AMENDMENT TO PURCHASE AND SALE AGREEMENT
Exhibit 10.50
AMENDMENT TO PURCHASE AND SALE AGREEMENT
THIS AMENDMENT TO PURCHASE AND SALE AGREEMENT (this “Amendment”) dated as of December 22, 2006, is entered into between KBS CRESCENT GREEN, LLC, a Delaware limited liability company (“Purchaser”), and CRESCENT 1100, L.L.C., a Delaware limited liability company, CRESCENT 1200, L.L.C., a Delaware limited liability company, and CRESCENT 1300, L.L.C., a Delaware limited liability company (collectively, “Sellers”), with reference to the following recitals:
RECITALS
A. Sellers and KBS Capital Advisors LLC, a Delaware limited liability company (“Assignor”), entered into that certain Purchase and Sale Agreement dated as of December 19, 2006 (the “Purchase Agreement”). Assignor subsequently assigned its entire interest in and to the Purchase Agreement to Purchaser. All initially-capitalized terms not otherwise defined herein shall have the meanings set forth in the Purchase Agreement unless the context clearly indicates otherwise.
X. Xxxxxxx and Purchaser mutually desire to amend the Purchase Agreement as provided below.
NOW, THEREFORE, for good and valuable consideration, the receipt and sufficiency of which are hereby acknowledged, the parties hereto hereby agree as follows:
AGREEMENT
1. Reduction in Purchase Price. The Purchase Price shall be, and hereby is, reduced from Forty-Eight Million Two Hundred Fifty Thousand and No/100 Dollars ($48,250,000.00) to Forty-Eight Million One Hundred Forty Thousand and No/100 Dollars ($48,140,000.00).
2. Post Closing Escrow Agreement. The definition of “Post Closing Escrow Agreement” is hereby amended to mean an escrow agreement, the form of which shall be mutually agreed upon and approved by Sellers and Purchaser at least five (5) business days prior to the Closing Date.
3. Xxxxx & Xxxxxxx Letter. The parties hereby agree upon and approve the form of the Xxxxx and Xxxxxxx Letter Agreement as attached hereto as Exhibit A.

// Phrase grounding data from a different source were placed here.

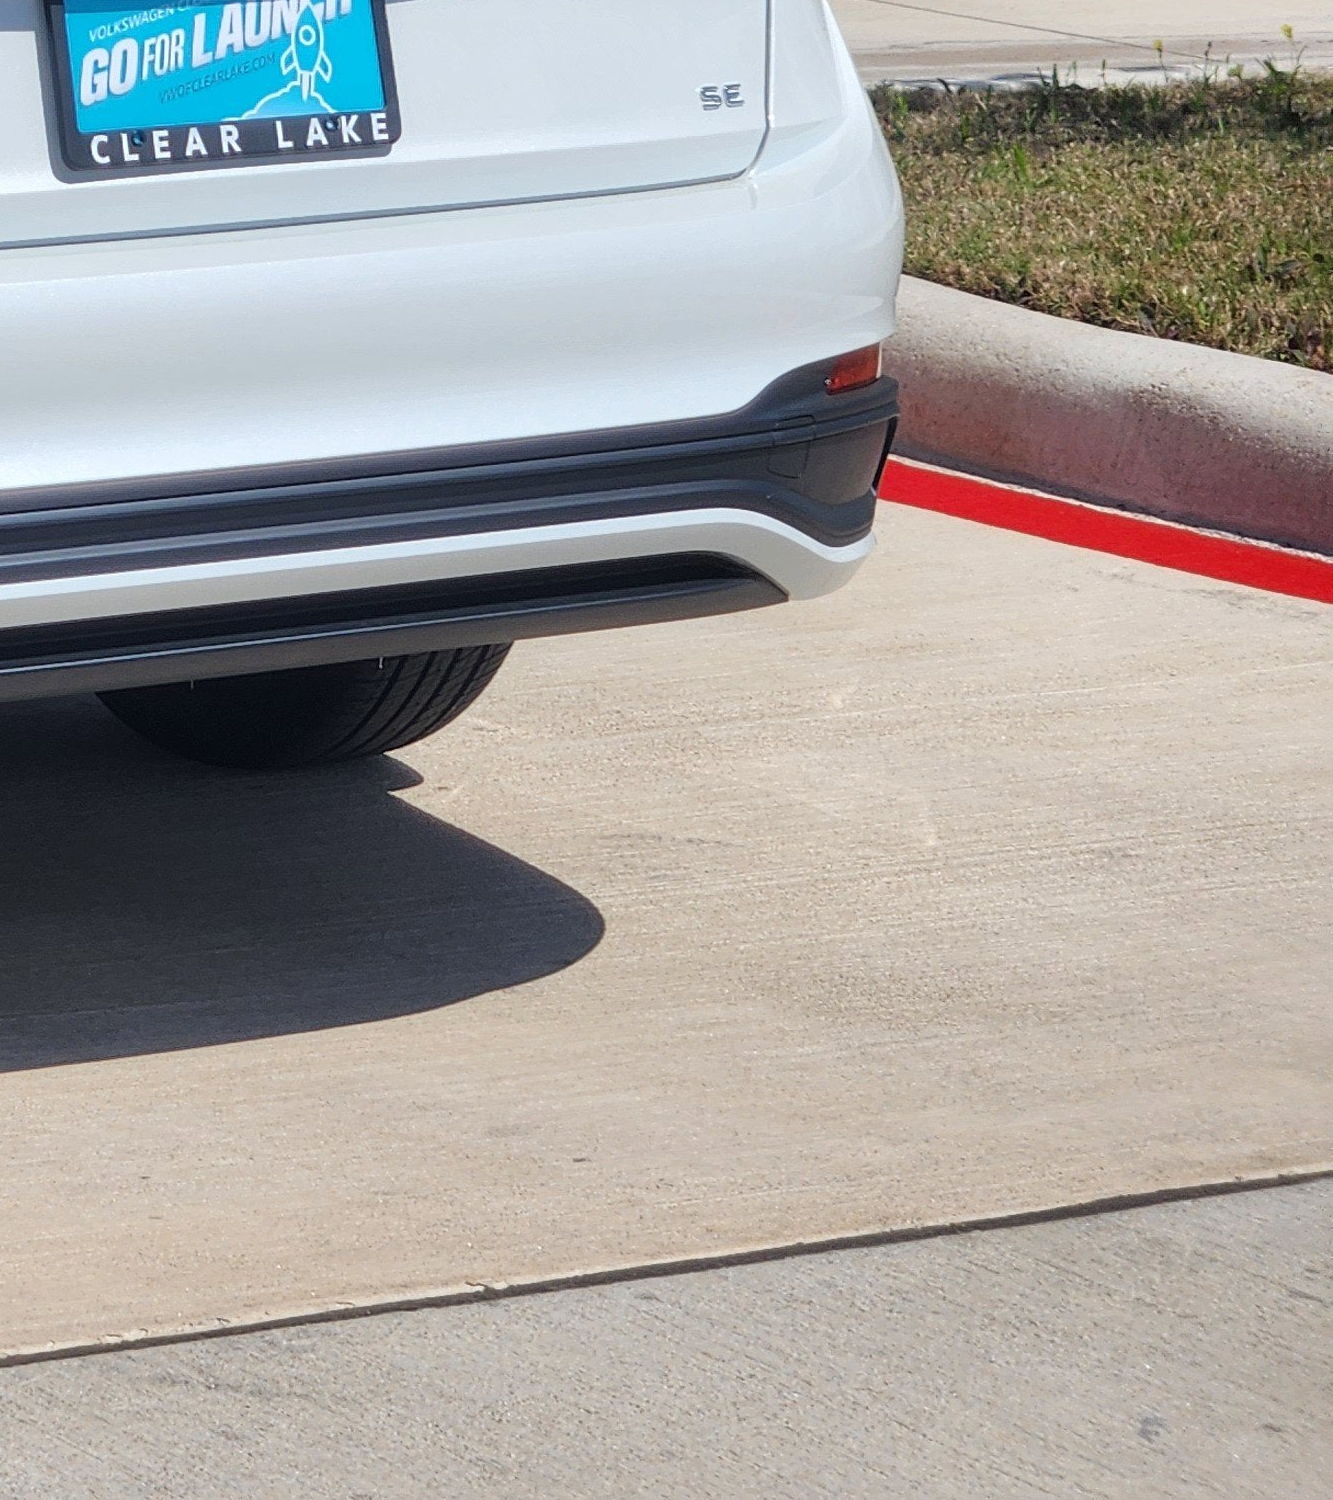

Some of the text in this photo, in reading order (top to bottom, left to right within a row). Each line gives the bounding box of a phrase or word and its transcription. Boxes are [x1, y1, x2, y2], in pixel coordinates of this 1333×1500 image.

[88, 3, 176, 43] VOLKSWAGEN
[80, 37, 139, 106] GO
[141, 28, 186, 81] FOR
[699, 83, 745, 111] SE
[89, 112, 390, 165] CLEAR LAKE
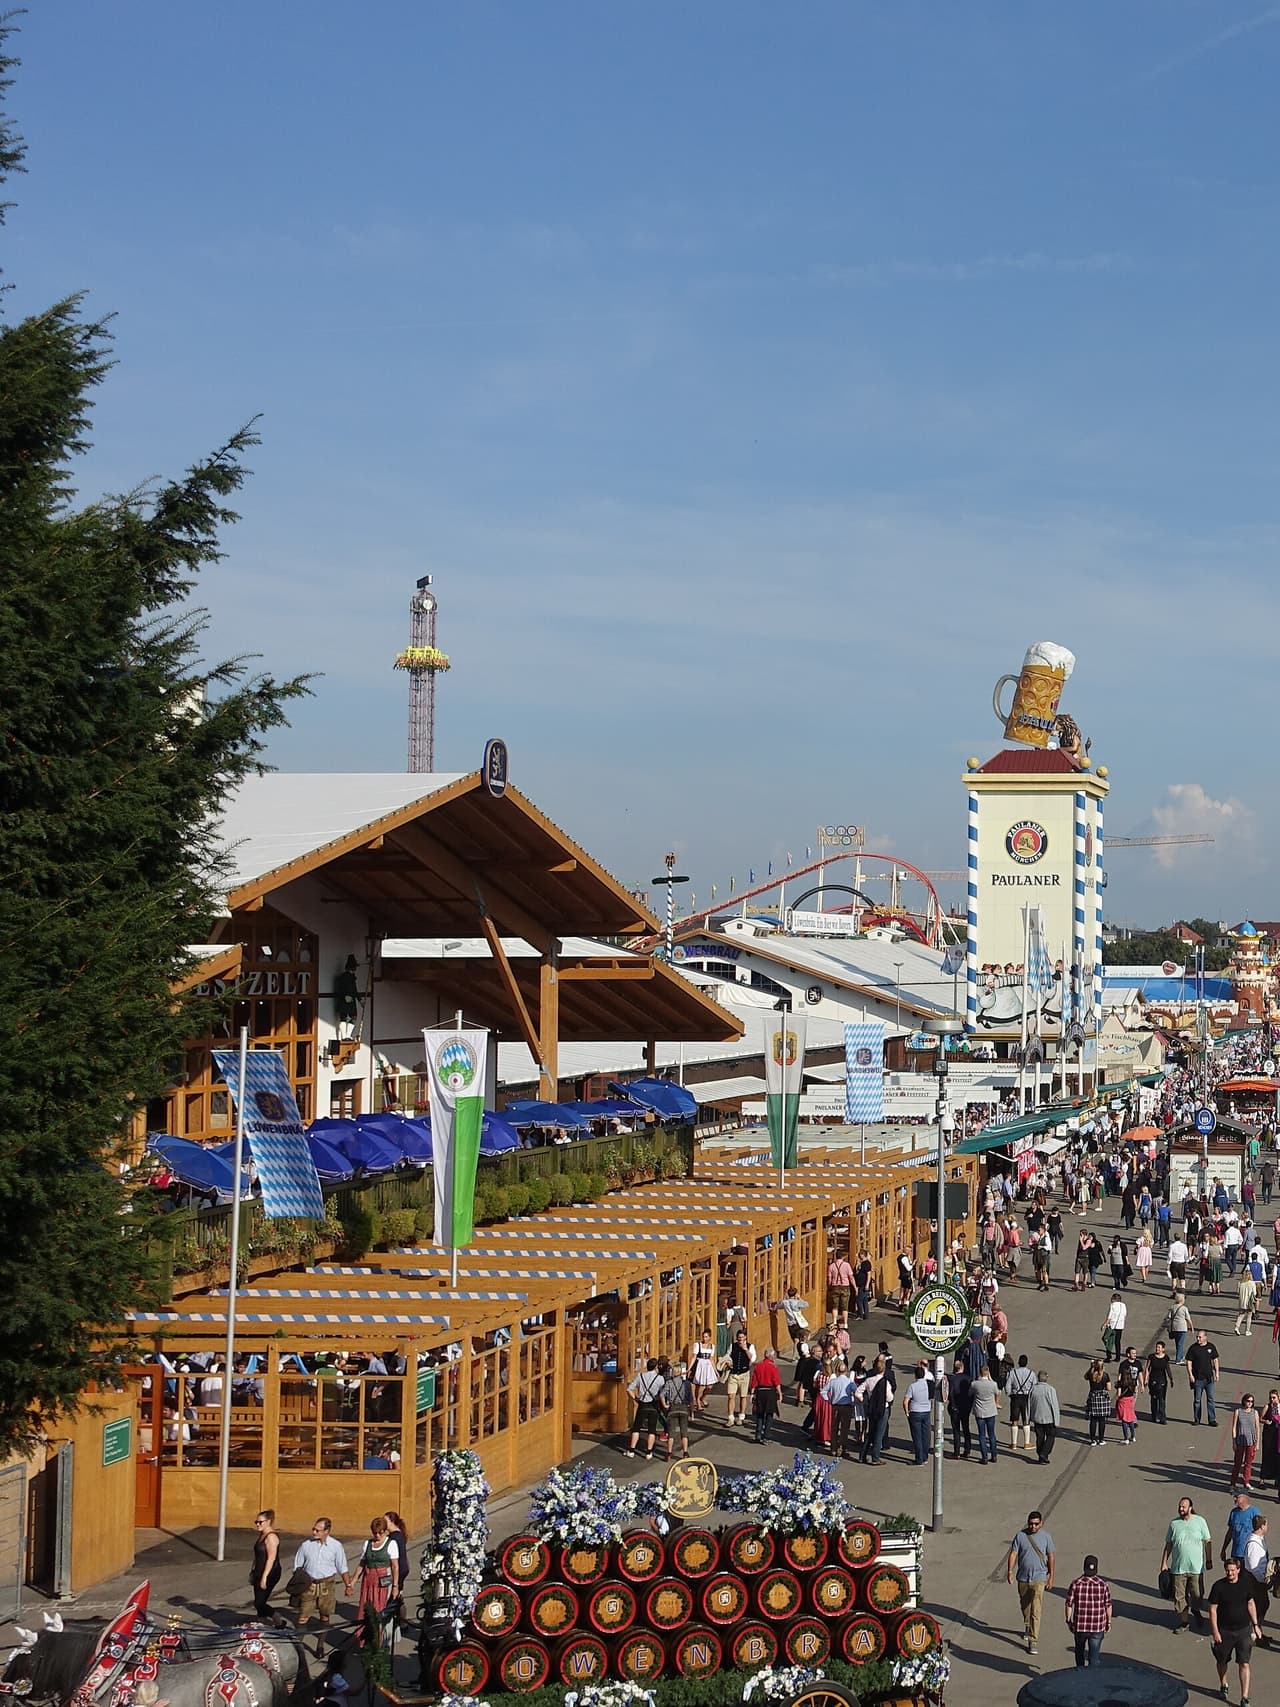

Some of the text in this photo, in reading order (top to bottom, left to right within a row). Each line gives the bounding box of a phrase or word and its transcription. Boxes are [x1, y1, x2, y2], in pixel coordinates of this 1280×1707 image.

4. Temporary Parking Easement. The parties hereby agree upon and approve the form of the Crescent Lakeside Parking Easement as attached hereto as Exhibit B.
5. Ground Lease Amendment. The parties hereby agree upon and approve the form of the Ground Lease Amendment as attached hereto as Exhibit C.
6. Service Contracts. The only Service Contracts under which Purchaser will assume obligations at Closing for the Property are the Service Contracts listed on Exhibit D attached hereto. Seller shall terminate at Closing all Service Contracts that are not listed on Exhibit D attached hereto.
7. Approved Title Insurance Policy. Notwithstanding anything stated to the contrary in the Purchase Agreement, including, without limitation, the provisions of Section 7 of the Purchase Agreement, the Title Insurance Policy which the Title Insurer shall issue and deliver to Purchaser, or shall have committed to issue and deliver to Purchaser, as a condition precedent to Closing, shall be a title policy in the form contemplated by the pro-forma title policy attached hereto as Exhibit E and made a part hereof, together with any endorsements attached thereto.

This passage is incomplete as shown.